While an injury can certainly cause you knee pain, so too can chronic wear on your kneecap that may cause cartilage to deteriorate. In the latter case, knee pain often starts out as a mild discomfort and then grows increasingly worse, often due to bad habits that worsen the underlying problem.
While all joints are vulnerable to injury and overuse conditions, the knee is particularly susceptible because it bears high levels of stress just from the activities of daily life. Because the joint moves not only back and forth, like a hinge, but also twists and rotates, it has even more room for injury to occur.
If you’re already suffering from knee pain, be aware that the following common bad habits may be making your pain exponentially worse:
6. Ignoring the Inflammation Connection
On a foundational level, knee pain, like virtually all forms of pain, often has an underlying inflammatory cause. Even short-term overuse can set off an inflammatory cascade in your immune system, intended to “heal” the overworked area. If that inflammation persists on a low level, it can then contribute to the very pain it was originally intended to heal.
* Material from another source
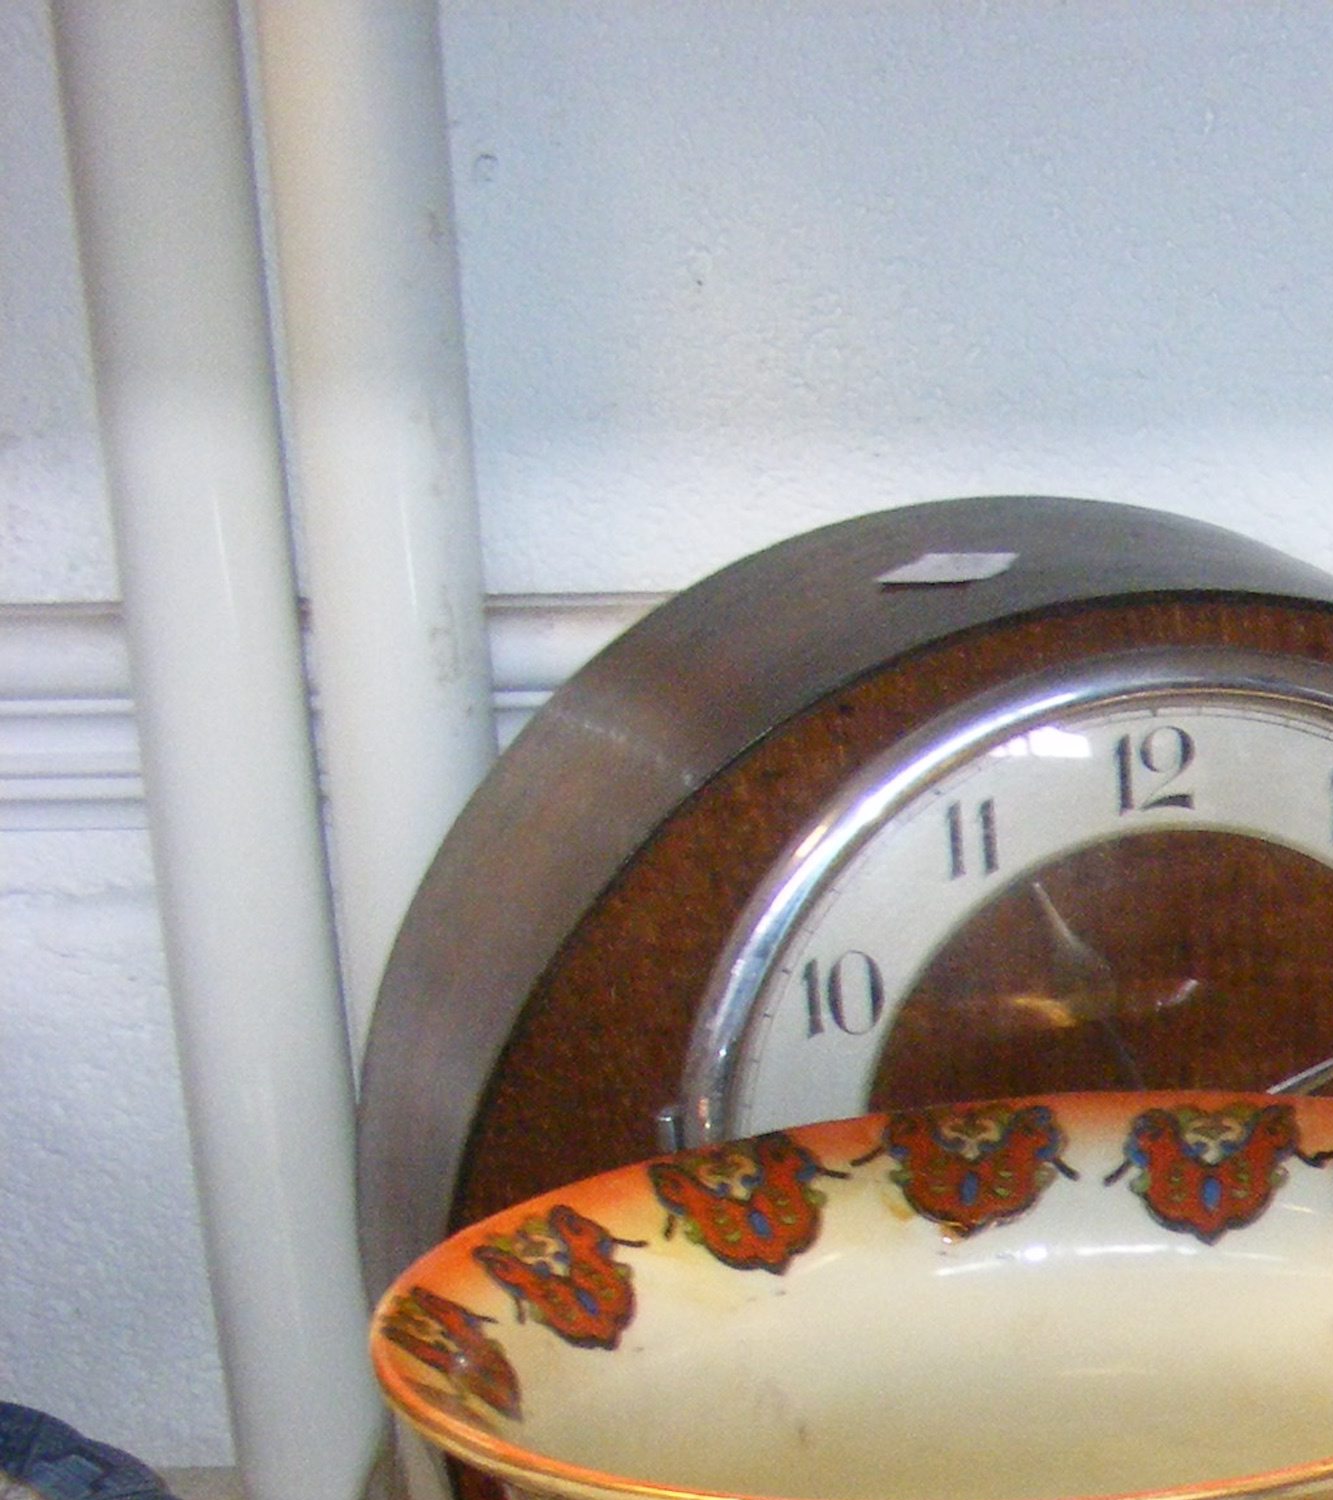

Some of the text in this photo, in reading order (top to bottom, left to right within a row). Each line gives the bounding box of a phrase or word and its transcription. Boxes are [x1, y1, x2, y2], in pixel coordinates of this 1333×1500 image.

[1115, 726, 1196, 811] 12
[945, 799, 999, 881] 11
[801, 949, 884, 1037] 10
The inflammatory cascade can easily spiral out of control, along with its associated pain, especially if you continue on with habits that cause you knee pain to begin with. An anti-inflammatory diet, or natural anti-inflammatories like Heal-N-Soothe, can help you relieve this inflammation and pain.
5. Wearing High Heels
High-heeled shoes change the way you walk, putting additional stress on your knees. According to one study, wearing high heels increased the risk of joint degeneration and knee osteoarthritis.[ii] The higher the heel, the greater the risk of knee pain becomes.
4. Kneeling Without Padding
Do you enjoy gardening? Lay carpet? Scrub your kitchen floors on hands and knees? Play volleyball? Any activity that requires kneeling can make your pain worse, but doing so without kneepads will worsen pain and potentially cause further damage.
3. Continuing Activities That Cause You Pain
If you know that playing basketball or tennis leaves your knees in agony, you may need to take a break from the sport, or at least reduce it. The same goes for other activities, such as kneeling or climbing stairs. Taking a break from pain-causing activities will give your knee some time to rest and heal, while preventing further damage. Once the pain has subsided, you can resume the activity, ideally with some adaptations to prevent the pain from recurring.
2. Gaining Excess Weight
The more weight your joints have to carry, the greater the potential for damage, and related pain, becomes. Research shows that for every 2.2 pounds gained, pain scores increased by 1.9 points on a 500-point scale.[iii] Losing weight was associated with reduced knee pain, although avoiding weight gain in the first place may be even more important to protect your knees.
1. Getting Out of Shape
Even if you’re not overweight, if your muscles are weak or out of shape, your risk of knee injury and pain increases. It’s especially important to regularly strengthen your quadriceps and hamstrings, which help support your knees.